Mortgage credit availability increased by 2.1 percent to 182.9 points in January according to the Mortgage Credit Availability Index (MCAI) data released on Tuesday.
The MCAI, a report from the MBA, analyzes data from Ellie Mae’s AllRegs Market Clarity business information tool and an increase in the data indicates loosening credit while a decline indicates tightening lending standards.
The MCAI is calculated using several factors related to borrower eligibility such as credit score, loan type, loan-to-value ratio, etc. These metrics and underwriting criteria for over 95 lenders/investors are combined to calculate the MCAI, a summary measure which indicates the availability of mortgage credit at a point in time.

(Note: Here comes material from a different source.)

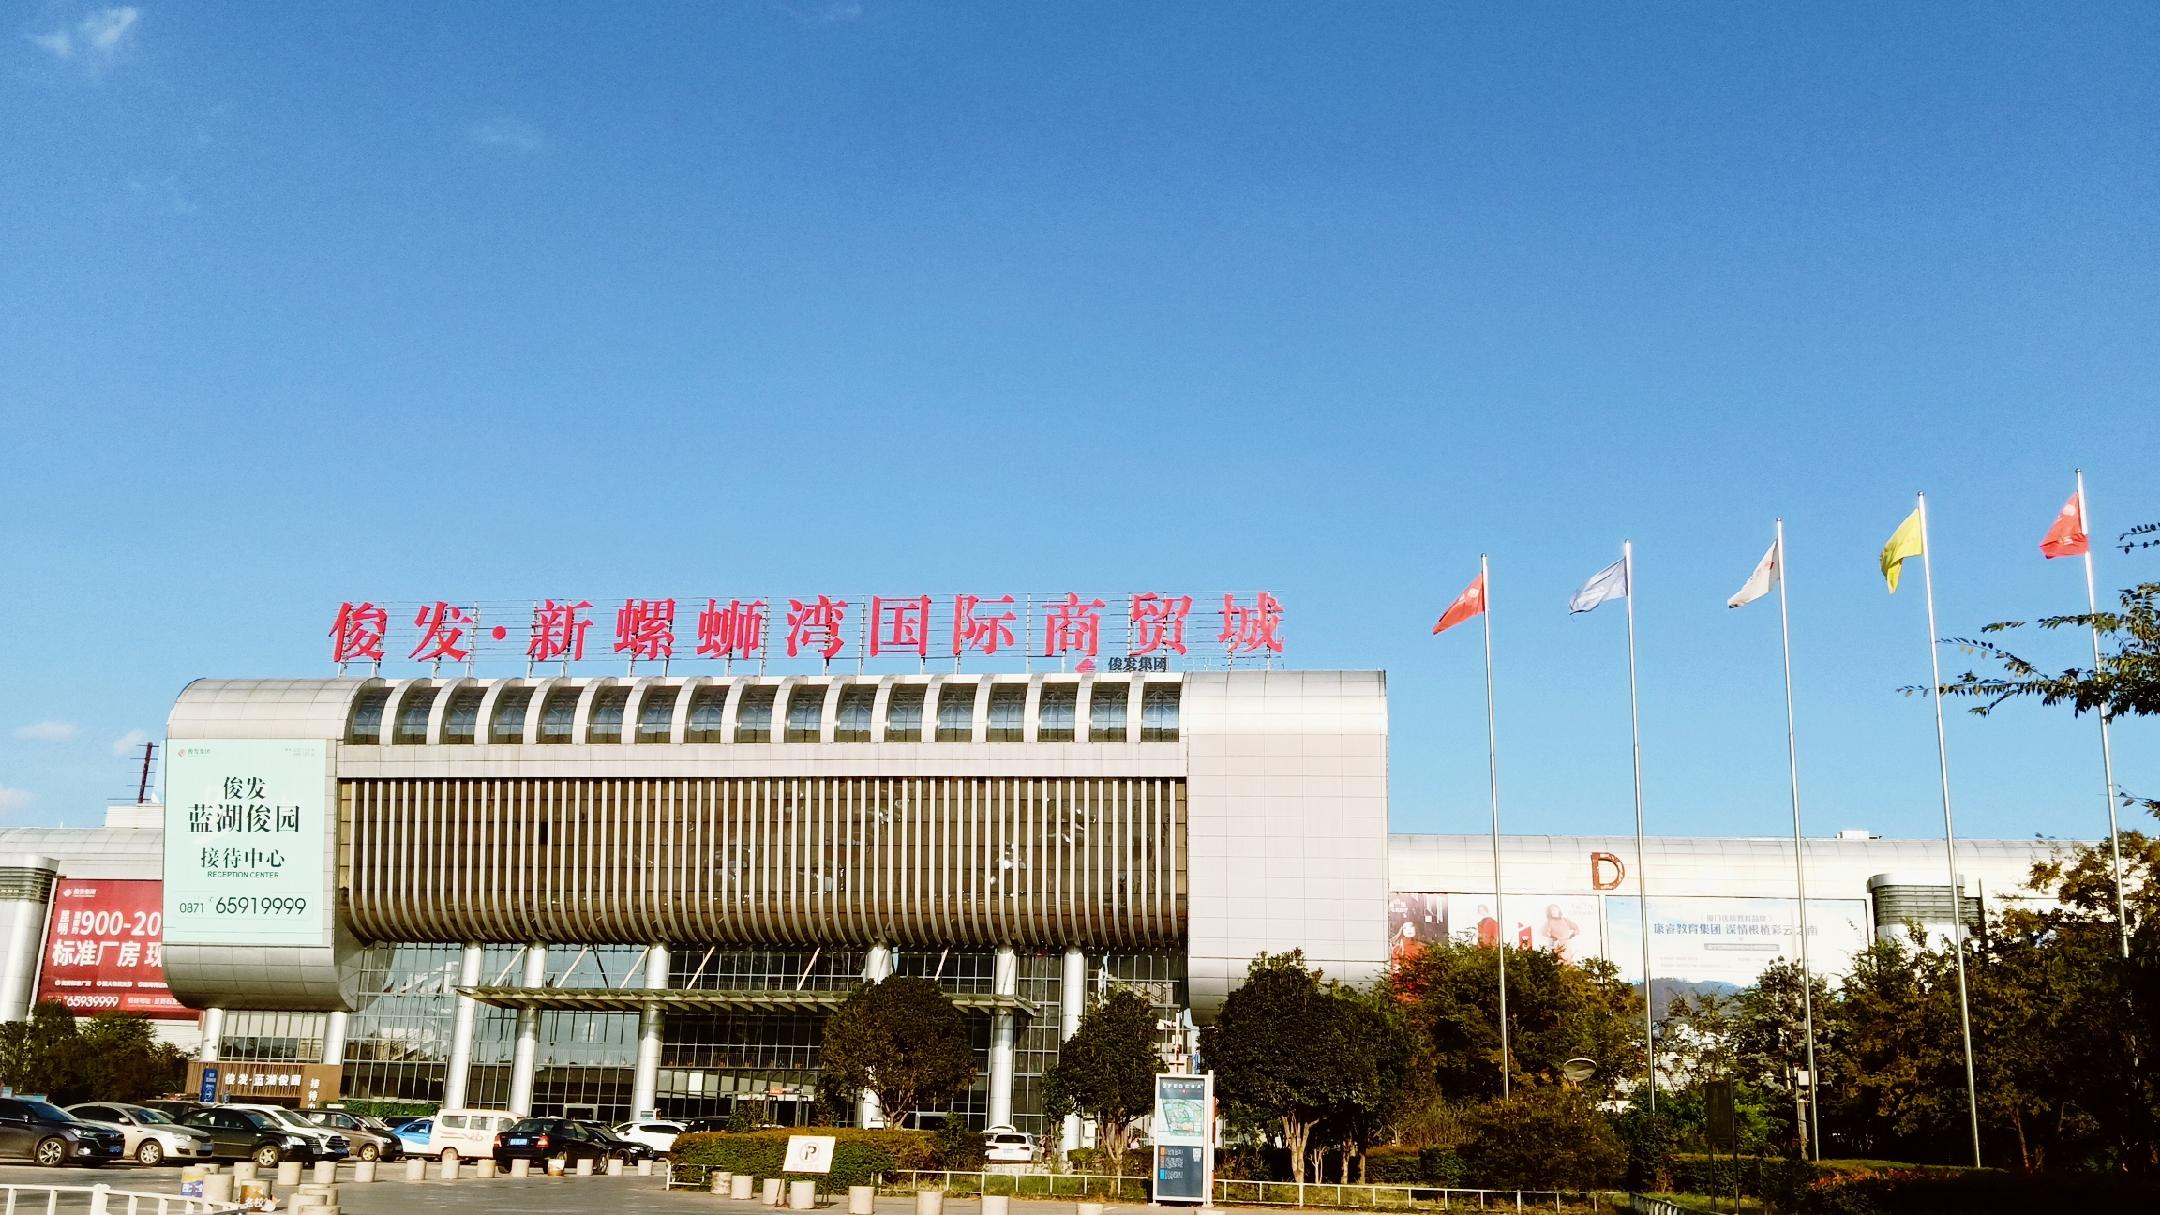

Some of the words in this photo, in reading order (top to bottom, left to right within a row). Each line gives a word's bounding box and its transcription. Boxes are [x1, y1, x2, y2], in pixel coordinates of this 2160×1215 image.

The Conventional, Government, Conforming, and Jumbo MCAIs are constructed using the same methodology as the Total MCAI and are designed to show relative credit risk/availability for their respective index. The Government MCAI examines FHA/VA/USDA loan programs, while the Conventional MCAI examines non-government loan programs.
According to the data, Conventional MCAI rose 3.6 percent and was more than the Government MCAI which increased by 0.9 percent in January.
Jumbo MCAI and Conforming MCAI are components of the Conventional MCAI. While Jumbo MCAI examines conventional programs outside conforming loan limits, the Conforming MCAI examines conventional loan programs that fall under conforming loan limits.
The component indices of the Conventional MCAI increased from the prior month with Jumbo MCAI making the most gains, rising 6.1 percent, driven by an increase in the number of programs with reduced documentation requirements for Jumbo credits. In contrast, the indices on the Conforming MCAI were up 1.1 percent.
“Credit availability increased across the board in January, more than reversing December declines in almost all component indices. Jumbo credit programs rebounded most strongly and reached a new series high, driven by an increase in the number of programs with reduced documentation requirements,” said Lynn Fisher, VP, Research and Economics at MBA.